When I went to Picca and Playa -- both I believe are run by Julian Cox -- I was unable to order a simple drink (at the former) or choose my brand (at the latter). Both of these were early-on in their lives, I don't know if things have since changed. I have had Cox's cocktails elsewhere, like Sotto -- like last night as a matter of fact -- and I must say they are consistently excellent. My main beef has been that they served in smaller glasses with hefty price tags (as if one were getting a full sized cocktail). Not quite thimble-sized, but heading in that direction.
re: Ciao Bob
didn't even remeber until you brought it up. i remember having dinner at picca sitting at the bar. we were chatting up the bartenders and having them make cocktails impromptu with what we wanted. at one point, one of them said that when julian is in, he'll frown on making cocktails that are not on the list.
By the way, Citron, as a fellow fan of a good, real martini (gin, not super dry, ice cold, neat, olive) I must sing the praises of, of all things, Trader Joe's Admiral Joseph's Gin. No, it's not the best gin you'll ever have (Blue Coat is the best in my opinion), but it is really good and unbelieveably priced at $8.99 for a good sized bottle. It's a bit "hotter" than say, Bombay Sapphire and that level, but I actually prefer it that way. But it is far superior to Beefeaters and others in that price category.
So, save your money at these places which won't give it your way and who gouge you at the same time, and make one at home and smile. The value just makes it taste even better. (The only problem is that my wife won't be there to make one for you, and nobody can do a better martini than my queen.)
I understand the brand calling thing. A lot of people only can name good spirits -- or the one that high-priced marketing firms have told us are good is more like it. Grey Goose isn't any better than Tito's or Rain when mixed in a Dirty Martini, but the price point is double if not higher. Would people be willing to pay $15 for a Grey Goose over a $10 Tito's Dirty? Many bars around here don't stock the overpriced, heavily marketed brands over less expensive ones that they deem just as good if not better.

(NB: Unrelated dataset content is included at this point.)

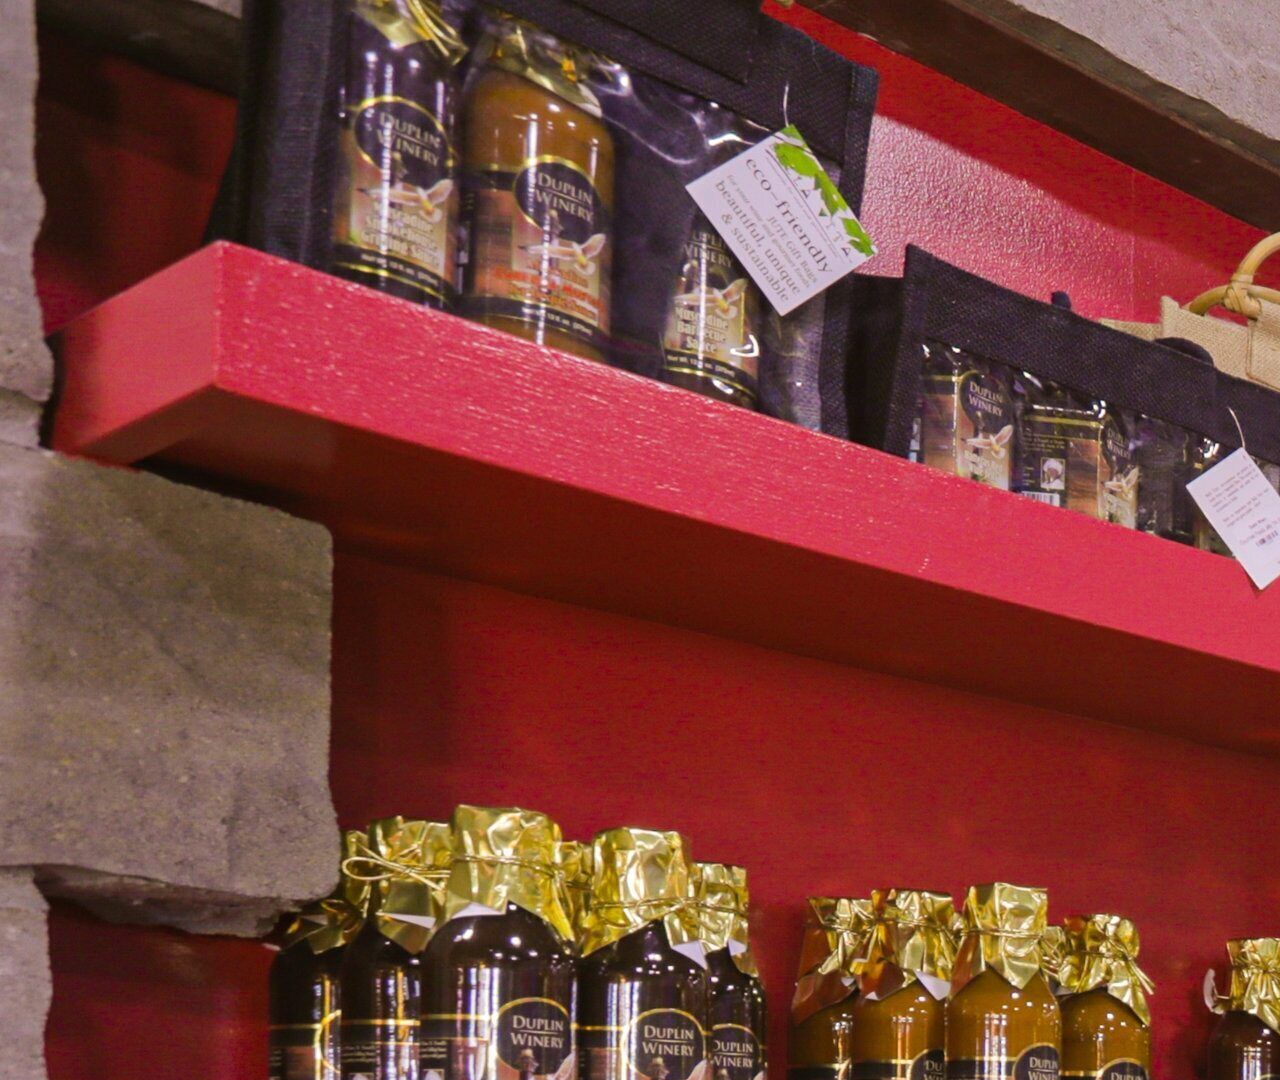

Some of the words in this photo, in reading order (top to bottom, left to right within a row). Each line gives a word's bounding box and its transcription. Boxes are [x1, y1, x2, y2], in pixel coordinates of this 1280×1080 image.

The off-menu part I cannot defend if they are common drinks. Playing "stump the bartender," "make me that other bar's drink," or not accepting their take on the recipe is unfair. There's probably a stock 50 drinks that any bar worth their salt should know. I can understand when it is through a waitress who has to walk over to the bar and ask the bartender if they can execute that drink (either by recipe or ingredients) and if not, come back to you with the news. Often, she just punches the drink order in at the POS at her station and comes to the bar pick it up 5-10 minutes later; if there is a problem, that delays things even further.